Data excerpts
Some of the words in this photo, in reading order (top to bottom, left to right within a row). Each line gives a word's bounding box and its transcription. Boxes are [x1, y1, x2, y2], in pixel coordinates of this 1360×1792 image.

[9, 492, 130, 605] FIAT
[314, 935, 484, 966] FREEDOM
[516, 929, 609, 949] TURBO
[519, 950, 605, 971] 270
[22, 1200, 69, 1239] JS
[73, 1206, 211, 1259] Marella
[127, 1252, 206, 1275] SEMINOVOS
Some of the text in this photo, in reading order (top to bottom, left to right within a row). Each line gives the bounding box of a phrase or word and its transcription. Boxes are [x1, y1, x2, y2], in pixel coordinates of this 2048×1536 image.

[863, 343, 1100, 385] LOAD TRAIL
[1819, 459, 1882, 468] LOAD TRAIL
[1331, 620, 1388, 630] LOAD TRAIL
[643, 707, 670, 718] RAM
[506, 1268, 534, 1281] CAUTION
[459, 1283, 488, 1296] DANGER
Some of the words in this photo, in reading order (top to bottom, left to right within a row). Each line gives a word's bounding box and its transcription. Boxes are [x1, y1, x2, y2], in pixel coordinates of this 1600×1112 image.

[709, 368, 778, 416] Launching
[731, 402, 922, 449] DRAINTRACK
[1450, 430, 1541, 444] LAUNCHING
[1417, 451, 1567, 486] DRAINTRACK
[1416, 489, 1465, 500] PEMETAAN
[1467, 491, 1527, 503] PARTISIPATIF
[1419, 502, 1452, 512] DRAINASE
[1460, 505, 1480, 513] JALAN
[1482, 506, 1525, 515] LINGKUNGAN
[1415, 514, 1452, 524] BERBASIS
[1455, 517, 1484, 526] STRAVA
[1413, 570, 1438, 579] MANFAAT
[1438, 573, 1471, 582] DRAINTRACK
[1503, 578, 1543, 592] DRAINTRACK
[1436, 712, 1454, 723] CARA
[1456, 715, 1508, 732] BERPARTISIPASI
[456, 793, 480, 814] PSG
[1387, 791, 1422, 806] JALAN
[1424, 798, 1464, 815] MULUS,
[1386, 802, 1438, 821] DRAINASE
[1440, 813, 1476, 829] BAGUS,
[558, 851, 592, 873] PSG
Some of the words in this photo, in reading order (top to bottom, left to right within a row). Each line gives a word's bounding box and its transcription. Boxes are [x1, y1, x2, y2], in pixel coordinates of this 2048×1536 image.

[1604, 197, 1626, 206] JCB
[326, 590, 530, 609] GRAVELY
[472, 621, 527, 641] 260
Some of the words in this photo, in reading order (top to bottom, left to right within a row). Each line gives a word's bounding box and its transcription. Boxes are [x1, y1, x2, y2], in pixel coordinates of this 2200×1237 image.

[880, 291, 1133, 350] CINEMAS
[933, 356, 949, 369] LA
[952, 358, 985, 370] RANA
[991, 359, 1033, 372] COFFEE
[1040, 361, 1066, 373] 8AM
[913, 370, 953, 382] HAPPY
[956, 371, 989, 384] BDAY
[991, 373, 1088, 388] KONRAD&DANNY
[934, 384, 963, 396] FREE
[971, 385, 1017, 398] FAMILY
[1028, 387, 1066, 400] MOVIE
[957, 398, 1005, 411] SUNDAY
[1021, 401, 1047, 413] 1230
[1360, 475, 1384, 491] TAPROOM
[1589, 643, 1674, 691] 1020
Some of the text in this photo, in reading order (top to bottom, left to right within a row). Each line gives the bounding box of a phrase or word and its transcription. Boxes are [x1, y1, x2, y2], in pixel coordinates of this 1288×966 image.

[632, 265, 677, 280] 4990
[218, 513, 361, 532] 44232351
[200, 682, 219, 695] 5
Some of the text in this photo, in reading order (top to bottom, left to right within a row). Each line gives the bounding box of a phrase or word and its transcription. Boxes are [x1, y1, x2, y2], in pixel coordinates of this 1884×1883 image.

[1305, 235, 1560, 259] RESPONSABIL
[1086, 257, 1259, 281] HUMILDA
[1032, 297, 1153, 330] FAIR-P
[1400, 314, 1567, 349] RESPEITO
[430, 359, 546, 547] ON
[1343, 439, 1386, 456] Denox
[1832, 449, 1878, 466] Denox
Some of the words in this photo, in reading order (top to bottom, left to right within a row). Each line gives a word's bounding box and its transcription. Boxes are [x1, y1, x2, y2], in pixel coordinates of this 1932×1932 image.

**TASK DETAILS:** All of the records are to be reproduced exactly as they were given.

**TASK OUTPUT:**
Some of the words in this photo, in reading order (top to bottom, left to right within a row). Each line gives a word's bounding box and its transcription. Boxes are [x1, y1, x2, y2], in pixel coordinates of this 1360×1792 image.

[9, 492, 130, 605] FIAT
[314, 935, 484, 966] FREEDOM
[516, 929, 609, 949] TURBO
[519, 950, 605, 971] 270
[22, 1200, 69, 1239] JS
[73, 1206, 211, 1259] Marella
[127, 1252, 206, 1275] SEMINOVOS
Some of the text in this photo, in reading order (top to bottom, left to right within a row). Each line gives the bounding box of a phrase or word and its transcription. Boxes are [x1, y1, x2, y2], in pixel coordinates of this 2048×1536 image.

[863, 343, 1100, 385] LOAD TRAIL
[1819, 459, 1882, 468] LOAD TRAIL
[1331, 620, 1388, 630] LOAD TRAIL
[643, 707, 670, 718] RAM
[506, 1268, 534, 1281] CAUTION
[459, 1283, 488, 1296] DANGER
Some of the words in this photo, in reading order (top to bottom, left to right within a row). Each line gives a word's bounding box and its transcription. Boxes are [x1, y1, x2, y2], in pixel coordinates of this 1600×1112 image.

[709, 368, 778, 416] Launching
[731, 402, 922, 449] DRAINTRACK
[1450, 430, 1541, 444] LAUNCHING
[1417, 451, 1567, 486] DRAINTRACK
[1416, 489, 1465, 500] PEMETAAN
[1467, 491, 1527, 503] PARTISIPATIF
[1419, 502, 1452, 512] DRAINASE
[1460, 505, 1480, 513] JALAN
[1482, 506, 1525, 515] LINGKUNGAN
[1415, 514, 1452, 524] BERBASIS
[1455, 517, 1484, 526] STRAVA
[1413, 570, 1438, 579] MANFAAT
[1438, 573, 1471, 582] DRAINTRACK
[1503, 578, 1543, 592] DRAINTRACK
[1436, 712, 1454, 723] CARA
[1456, 715, 1508, 732] BERPARTISIPASI
[456, 793, 480, 814] PSG
[1387, 791, 1422, 806] JALAN
[1424, 798, 1464, 815] MULUS,
[1386, 802, 1438, 821] DRAINASE
[1440, 813, 1476, 829] BAGUS,
[558, 851, 592, 873] PSG
Some of the words in this photo, in reading order (top to bottom, left to right within a row). Each line gives a word's bounding box and its transcription. Boxes are [x1, y1, x2, y2], in pixel coordinates of this 2048×1536 image.

[1604, 197, 1626, 206] JCB
[326, 590, 530, 609] GRAVELY
[472, 621, 527, 641] 260
Some of the words in this photo, in reading order (top to bottom, left to right within a row). Each line gives a word's bounding box and its transcription. Boxes are [x1, y1, x2, y2], in pixel coordinates of this 2200×1237 image.

[880, 291, 1133, 350] CINEMAS
[933, 356, 949, 369] LA
[952, 358, 985, 370] RANA
[991, 359, 1033, 372] COFFEE
[1040, 361, 1066, 373] 8AM
[913, 370, 953, 382] HAPPY
[956, 371, 989, 384] BDAY
[991, 373, 1088, 388] KONRAD&DANNY
[934, 384, 963, 396] FREE
[971, 385, 1017, 398] FAMILY
[1028, 387, 1066, 400] MOVIE
[957, 398, 1005, 411] SUNDAY
[1021, 401, 1047, 413] 1230
[1360, 475, 1384, 491] TAPROOM
[1589, 643, 1674, 691] 1020
Some of the text in this photo, in reading order (top to bottom, left to right within a row). Each line gives the bounding box of a phrase or word and its transcription. Boxes are [x1, y1, x2, y2], in pixel coordinates of this 1288×966 image.

[632, 265, 677, 280] 4990
[218, 513, 361, 532] 44232351
[200, 682, 219, 695] 5
Some of the text in this photo, in reading order (top to bottom, left to right within a row). Each line gives the bounding box of a phrase or word and its transcription. Boxes are [x1, y1, x2, y2], in pixel coordinates of this 1884×1883 image.

[1305, 235, 1560, 259] RESPONSABIL
[1086, 257, 1259, 281] HUMILDA
[1032, 297, 1153, 330] FAIR-P
[1400, 314, 1567, 349] RESPEITO
[430, 359, 546, 547] ON
[1343, 439, 1386, 456] Denox
[1832, 449, 1878, 466] Denox
Some of the words in this photo, in reading order (top to bottom, left to right within a row). Each line gives a word's bounding box and its transcription. Boxes are [x1, y1, x2, y2], in pixel coordinates of this 1932×1932 image.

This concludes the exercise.